Ted – N.C.: What can be done when the information about the health care providers in my health insurance network is changed so much from the prior year that it cannot be an accident? The hospital I usually go to was in the 2014 provider network book and not in the 2015 network book, which was not provided to me until after I had enrolled in the plan for 2015.
Further, of the 27 primary doctors that are supposed to be participating members of my health care insurance plan, only six are members. One of the doctors listed has been retired for years. The insurance Company is Cigna HealthSpring MedicareRX Preferred HMO.

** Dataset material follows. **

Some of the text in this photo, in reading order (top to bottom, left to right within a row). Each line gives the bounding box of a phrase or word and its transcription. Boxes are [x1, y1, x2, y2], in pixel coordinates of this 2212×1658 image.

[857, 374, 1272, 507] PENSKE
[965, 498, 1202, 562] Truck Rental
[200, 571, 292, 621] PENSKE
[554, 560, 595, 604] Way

Phil Moeller: I’m betting lots of folks are, or at some point will be, in Ted’s shoes. Medicare Advantage plans, as already noted, have become very popular. One of the major ways they can offer attractive coverage options at affordable rates is by setting up cost-effective provider networks that consumers must use, or else pay higher out-of-network prices for their health care needs. For financial and other reasons, there is a lot of competitive pressure on insurers to change network providers. These types of changes caught Ted off guard and, I suspect, will become a growing problem for MA plans and their customers.
Normally, people who sign up for Medicare plans are locked into them for the full ensuing year unless they move or have another life-changing event that would entitle them to a special enrollment period where they could pick a new plan. Several weeks ago, Medicare announced that it would consider letting people out of their Medicare Advantage plans if their insurers made substantial changes to their network providers after a plan year had begun. This new policy was disclosed in connection with major network changes and confusion involving Aetna prescription drug plans.

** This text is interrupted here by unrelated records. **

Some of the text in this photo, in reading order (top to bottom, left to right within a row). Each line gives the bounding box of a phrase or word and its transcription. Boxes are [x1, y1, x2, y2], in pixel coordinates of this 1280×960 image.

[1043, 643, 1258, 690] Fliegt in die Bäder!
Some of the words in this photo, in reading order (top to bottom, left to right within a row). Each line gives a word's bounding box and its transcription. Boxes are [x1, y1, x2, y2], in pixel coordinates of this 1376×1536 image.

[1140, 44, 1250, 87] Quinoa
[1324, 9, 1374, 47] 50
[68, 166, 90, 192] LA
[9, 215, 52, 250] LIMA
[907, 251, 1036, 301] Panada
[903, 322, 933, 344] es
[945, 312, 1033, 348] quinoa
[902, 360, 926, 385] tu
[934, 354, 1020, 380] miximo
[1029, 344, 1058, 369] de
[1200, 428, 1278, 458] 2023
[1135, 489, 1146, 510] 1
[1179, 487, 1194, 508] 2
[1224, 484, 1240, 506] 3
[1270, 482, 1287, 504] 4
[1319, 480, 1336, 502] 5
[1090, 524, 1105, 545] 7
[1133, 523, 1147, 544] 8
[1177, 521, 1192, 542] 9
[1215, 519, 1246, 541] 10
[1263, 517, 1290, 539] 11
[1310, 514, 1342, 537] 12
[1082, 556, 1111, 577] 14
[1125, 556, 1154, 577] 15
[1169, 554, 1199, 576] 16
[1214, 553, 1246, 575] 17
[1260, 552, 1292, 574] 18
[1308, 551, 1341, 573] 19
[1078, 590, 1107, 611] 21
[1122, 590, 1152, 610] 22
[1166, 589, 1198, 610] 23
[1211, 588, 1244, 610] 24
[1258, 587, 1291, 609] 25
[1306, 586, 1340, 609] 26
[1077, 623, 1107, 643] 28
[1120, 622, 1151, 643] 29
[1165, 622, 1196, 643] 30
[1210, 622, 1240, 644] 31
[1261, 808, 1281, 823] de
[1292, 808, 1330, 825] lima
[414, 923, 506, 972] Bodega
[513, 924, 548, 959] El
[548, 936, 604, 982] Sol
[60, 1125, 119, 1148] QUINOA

An Aetna spokeswoman said that CMS’ extension of a special enrollment period to some of its customers was not caused by provider network changes, but by mistaken listings – on CMS and Aetna websites – of pharmacies participating in Aetna’s network. She said the company is monitoring claims from incorrectly listed pharmacies and then working with consumers to help them find an in-network pharmacy and to call CMS to discuss other plan options for 2015.
Separately, she added, Aetna did make substantial network changes last year that took effect in 2015. These changes were properly made and communicated last year, she said, but there has been confusion among some Aetna Medicare Advantage customers. It has thus been offering consumers the temporary right, through the end of February, to have their prescriptions filled at in-network rates at any pharmacy in the company’s network. This temporary action, she noted, is a company decision and not an offer of a special enrollment period under the new CMS guidelines.

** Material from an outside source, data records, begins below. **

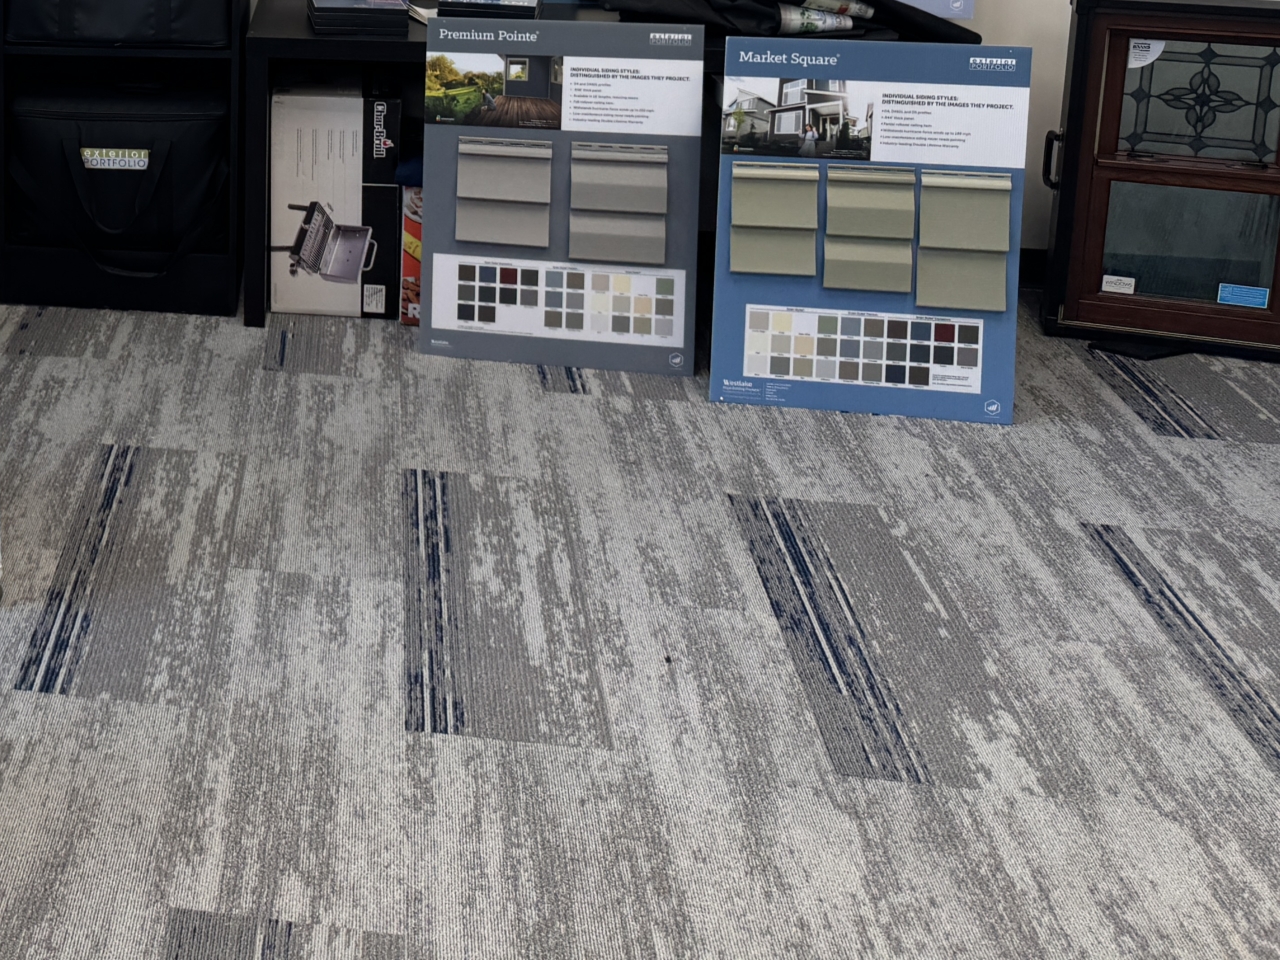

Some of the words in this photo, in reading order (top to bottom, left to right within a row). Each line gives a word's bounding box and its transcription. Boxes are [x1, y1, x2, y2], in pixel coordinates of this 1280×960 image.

[439, 29, 495, 41] Premium
[498, 31, 538, 41] Pointe
[739, 51, 787, 64] Market
[791, 53, 837, 66] Square
[374, 102, 386, 158] Char-Broil
[83, 149, 146, 159] exterior
[83, 158, 146, 168] PORTFOLIO
[723, 379, 752, 387] Westlake

Ted’s situation seems significant to me, but Medicare has not provided any public definition of what it considers substantial. This is not easy stuff to do, so I’m not piling on CMS. But this doesn’t help Ted.
“CMS will review provider network changes on a case by case basis to determine when a provider network change is significant,” a spokesman said via email. “Medicare Advantage plans are required to notify affected enrollees at least 30 days prior to the provider termination(s). If the plan is making a significant change to its network, the Medicare Advantage plan must notify CMS 90 days prior to implementation of the changes. Enrollees who have questions should call their Medicare Advantage plan.”
If Ted doesn’t get a satisfactory response from Cigna, he could then complain to Medicare at 1-800-633-4227 (1-800-MEDICARE). The spokesman further said that CMS has not publicly identified such plans.
“While CMS has not announced a new SEP specifically for Aetna or other plan enrollees,” the CMS spokesman said, “it has been the agency’s long-standing policy that any time a beneficiary is provided with misleading marketing information, they may contact 1-800-MEDICARE to report the marketing misinformation and request to switch to a different plan.”
I called Cigna and asked them about changes to this plan. A spokesman said the company would be in touch with Ted but did not comment on his plan or respond to Ted’s claims that it made excessive changes in the provider network used in his plan.